Senior Cloud and Server Engineer
Madison Square Garden Network, Las Vegas, NV
Madison Square Garden Entertainment Corp. (MSG Entertainment) is a leader in live entertainment, delivering unforgettable experiences while forging deep connections with diverse and passionate audiences. The Company’s portfolio includes a collection of world-renowned venues – New York’s Madison Square Garden, The Theater at Madison Square Garden, Radio City Music Hall, and Beacon Theatre; and The Chicago Theatre – that showcase a broad array of sporting events, concerts, family shows, and special events for millions of guests annually. In addition, the Company features the original production, the Christmas Spectacular Starring the Radio City Rockettes, which has been a holiday tradition for 90 years. More information is available at www.msgentertainment.com.
Who are we hiring?
The Senior Cloud and Server Engineer manages and optimizes cloud environments in AWS, Azure, and Nutanix, along with physical Windows and Linux servers. This involves resolving complex server and storage issues, analyzing logs, troubleshooting hardware, and ensuring maximum performance and availability. The Engineer is responsible for configuring and supporting S3 bucket workflows, optimizing cloud and server processes, monitoring storage health, and managing data backups, archives, and media across multiple servers. With a focus on delivering exceptional service, The Senior Clous and Storage Engineer will continuously improve infrastructure to support business goals and ensure efficient, reliable operations.
What will you do?
- Ensure that bare metal, Nutanix, and cloud-based systems (AWS, Azure) are optimized for the utilization of NAS storage and resource allocation.
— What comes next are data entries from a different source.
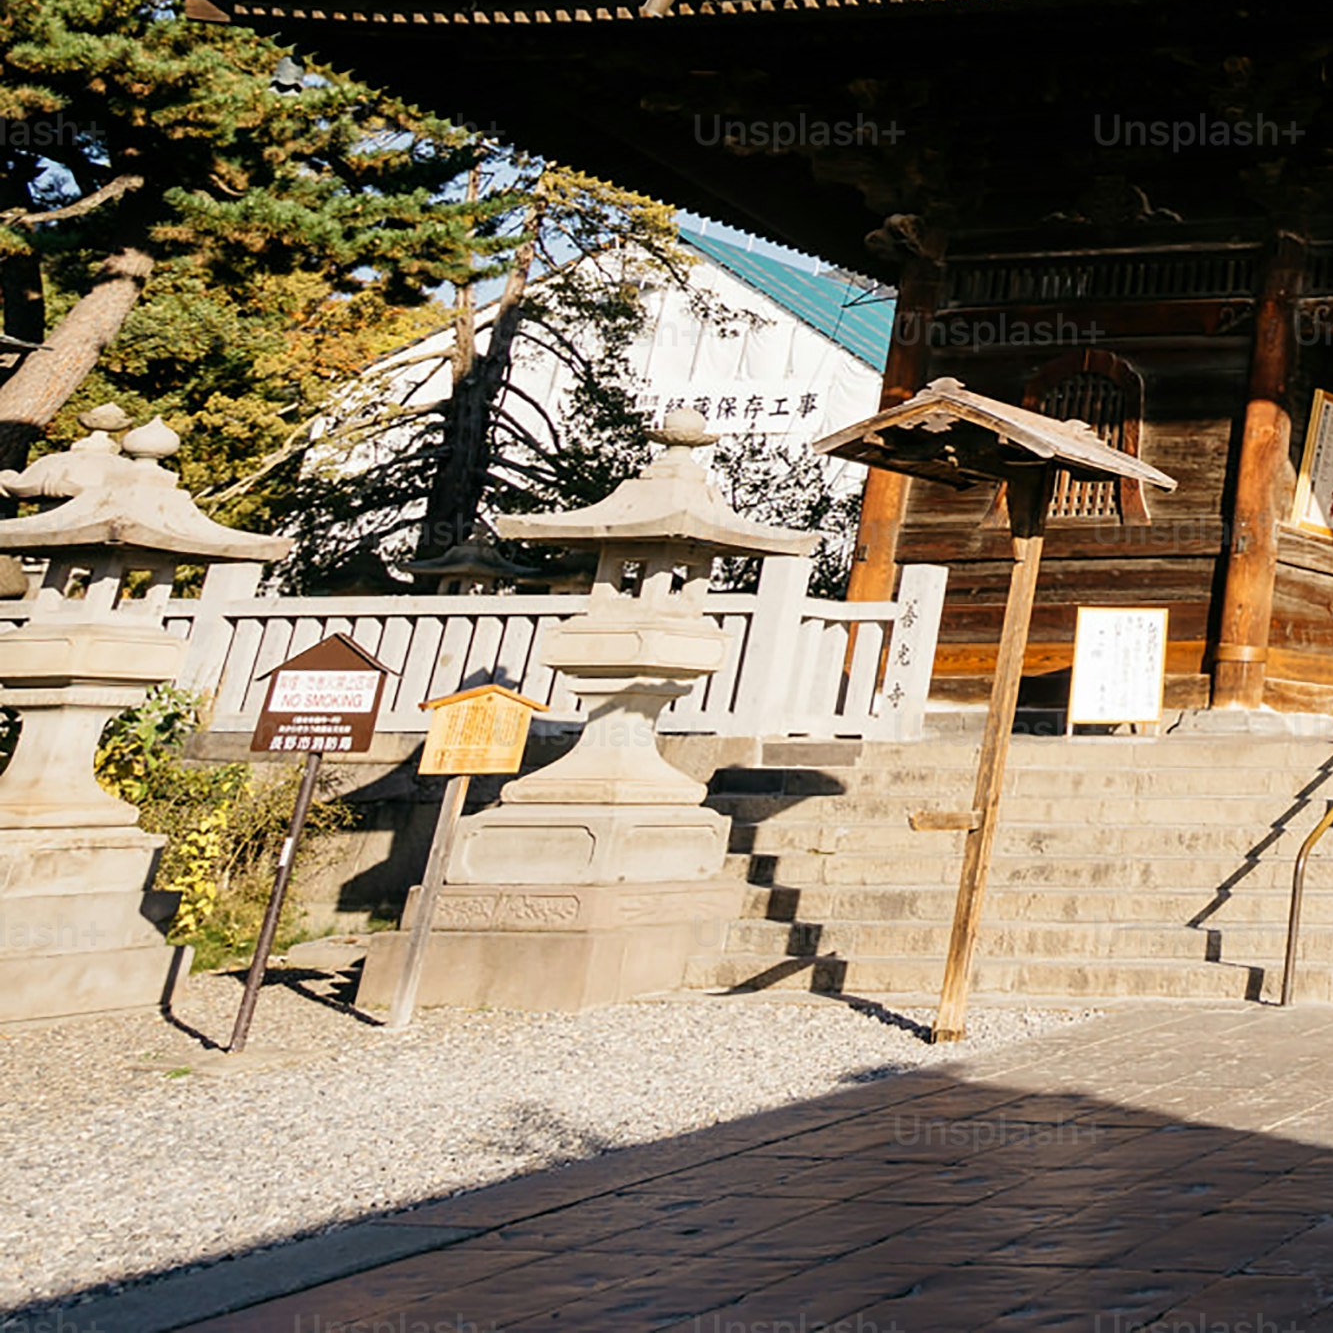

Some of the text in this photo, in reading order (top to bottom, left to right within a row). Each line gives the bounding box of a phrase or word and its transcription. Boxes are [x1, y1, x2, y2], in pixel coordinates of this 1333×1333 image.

[887, 599, 919, 708] 善光寺
[281, 693, 363, 708] NO SMOKING
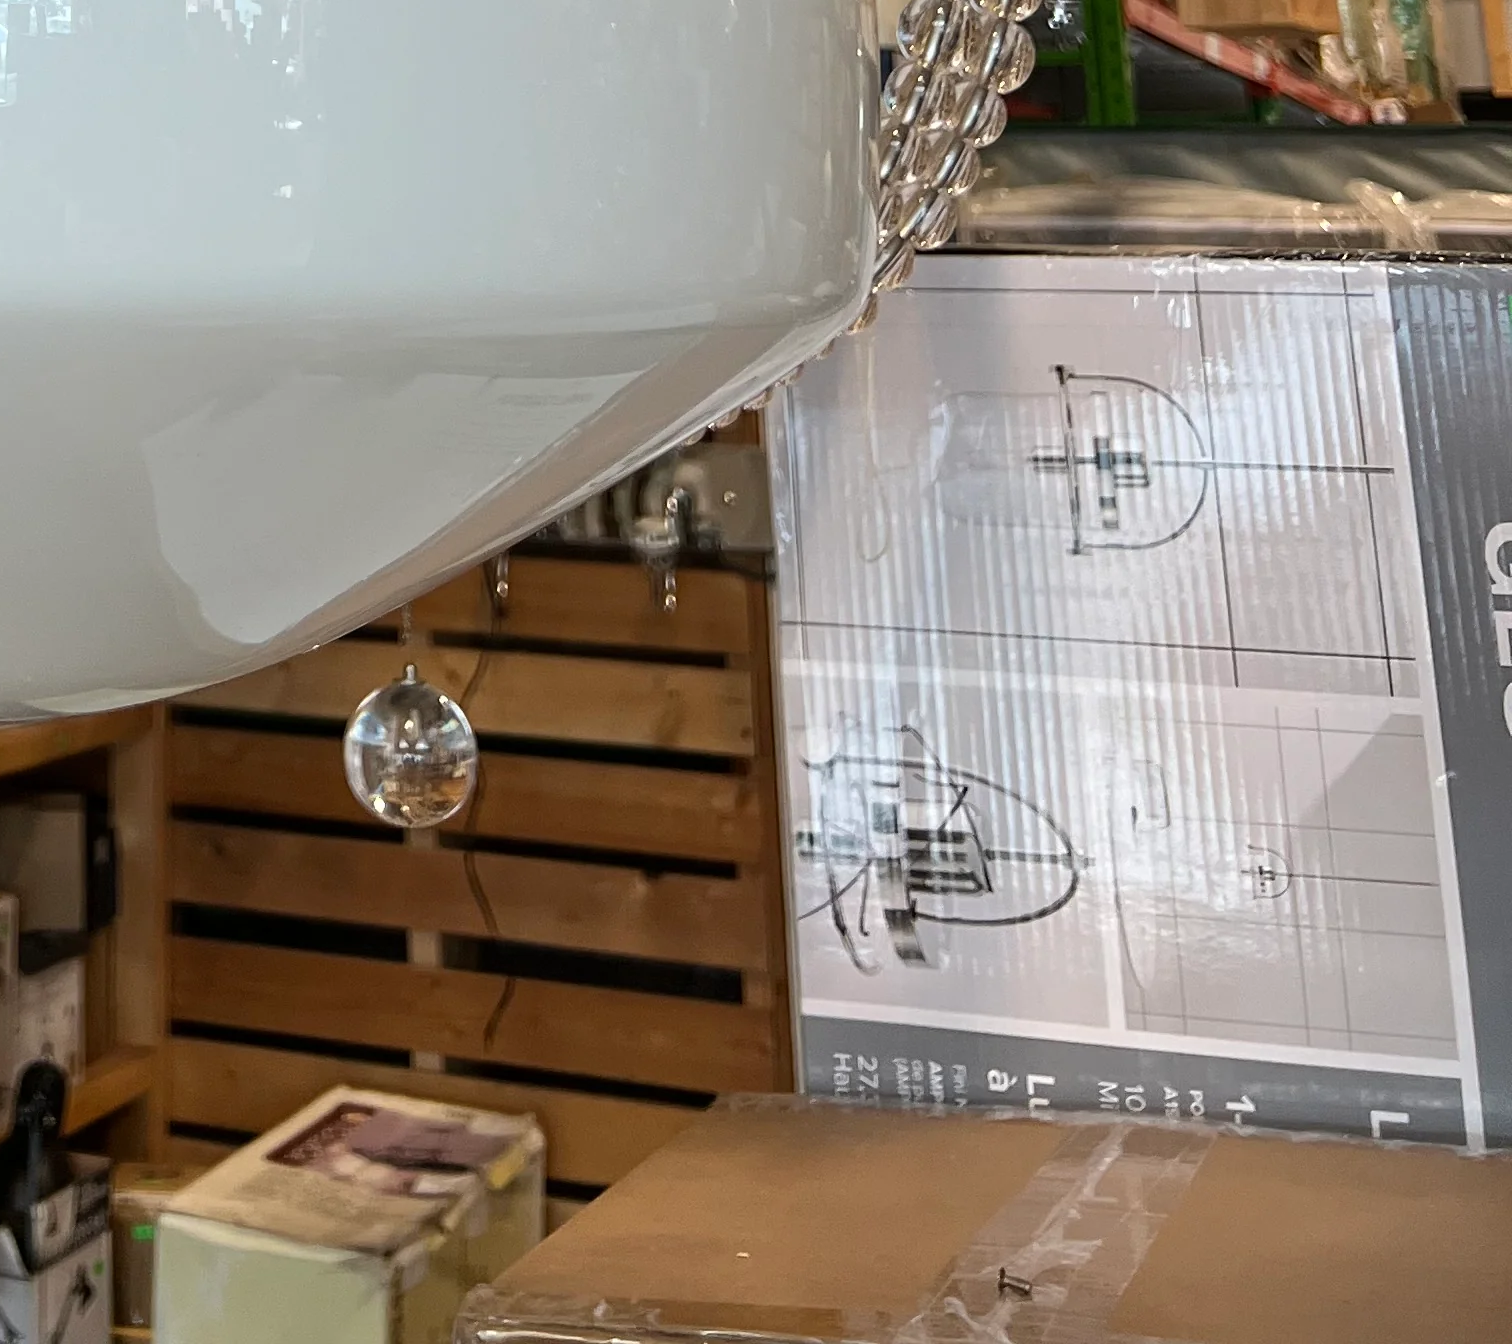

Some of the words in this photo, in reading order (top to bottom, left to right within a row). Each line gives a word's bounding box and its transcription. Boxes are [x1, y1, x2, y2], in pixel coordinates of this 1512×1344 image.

[1026, 1074, 1056, 1118] Lu
[1226, 1094, 1257, 1125] 1-
[1370, 1109, 1410, 1139] L
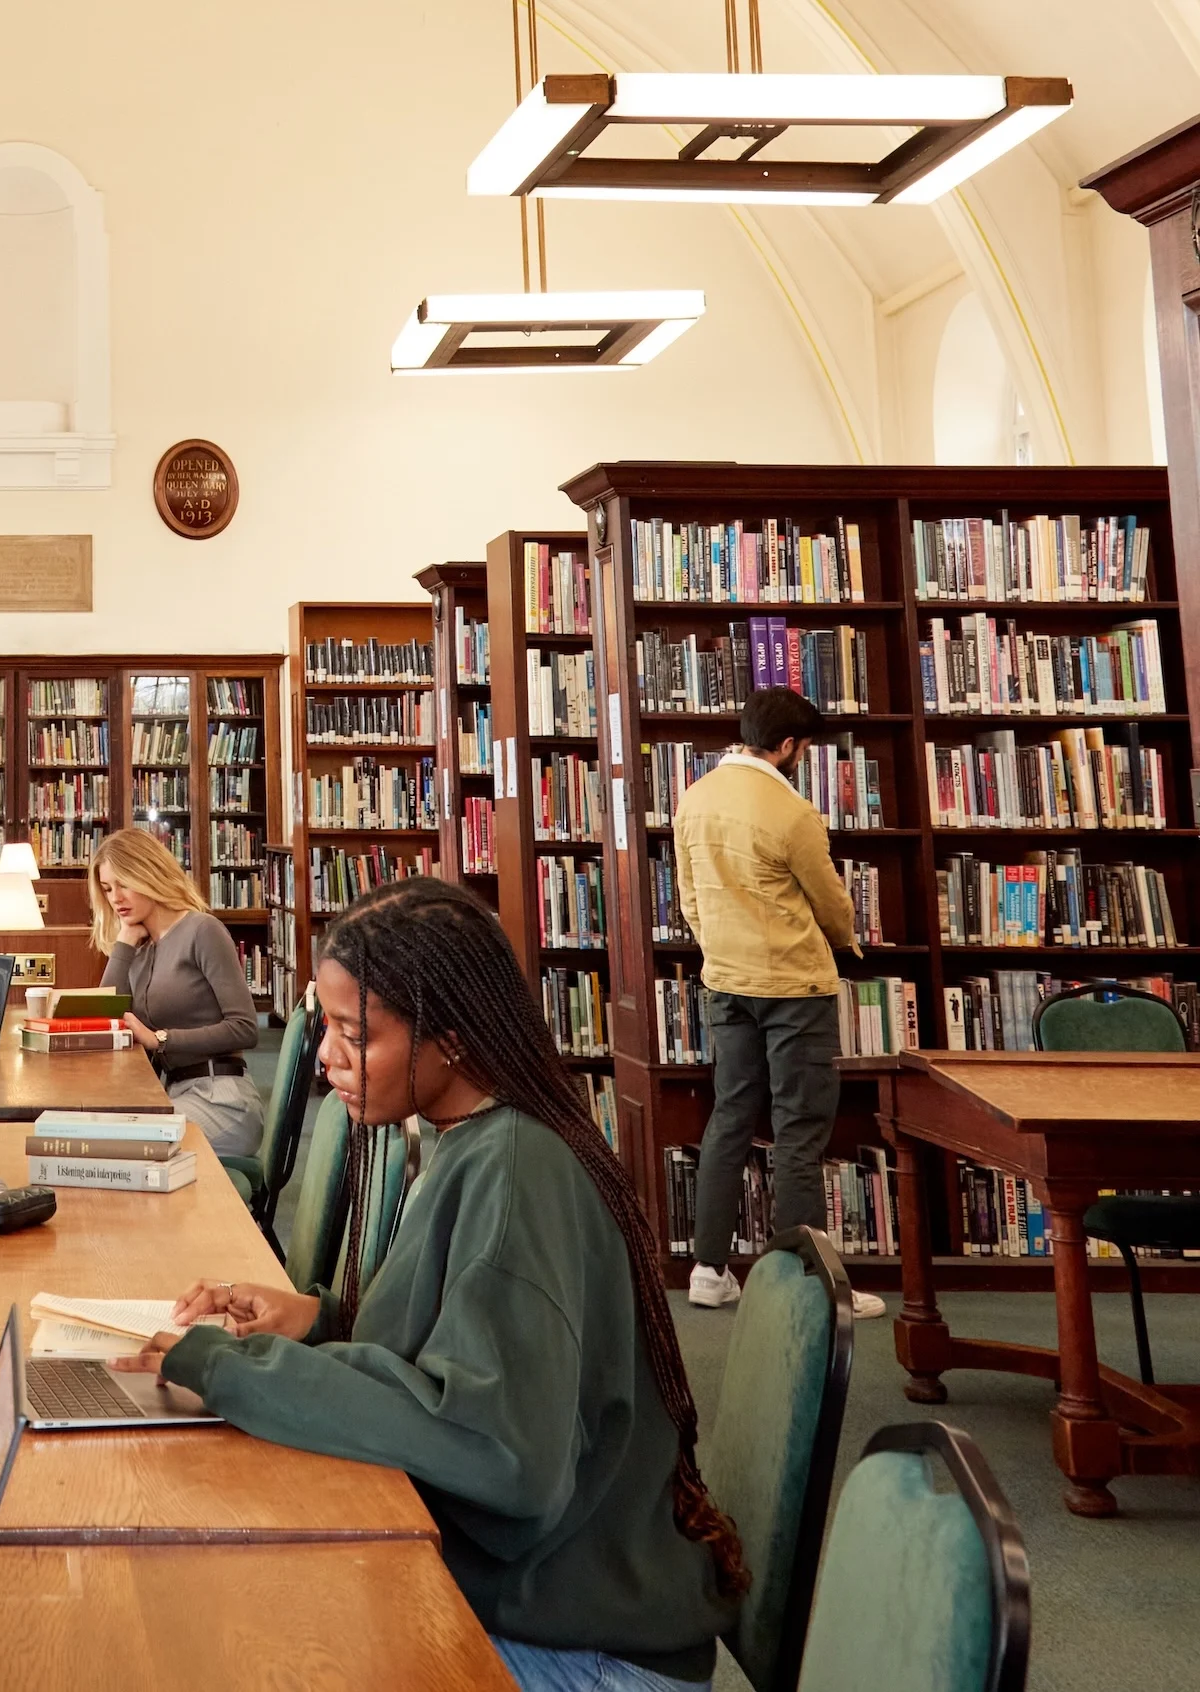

- Identify and resolve internal errors and manage capacity across all virtual, Nutanix, and physical environments.
- Examine, evaluate, and monitor incoming server/storage change requests.
- Offer Level 2 and Level 3 support that includes operations and change management, fulfilling requests involving Hyperconverged Infrastructure, Nutanix, NAS, SAN, and Rubrik backup solutions.
- Responsible for accurately documenting and maintaining Infrastructure diagrams, equipment lists, and documenting all infrastructure changes.
- Conduct periodic reviews and apply system firmware upgrades, application software updates, and OS patching for all infrastructure systems.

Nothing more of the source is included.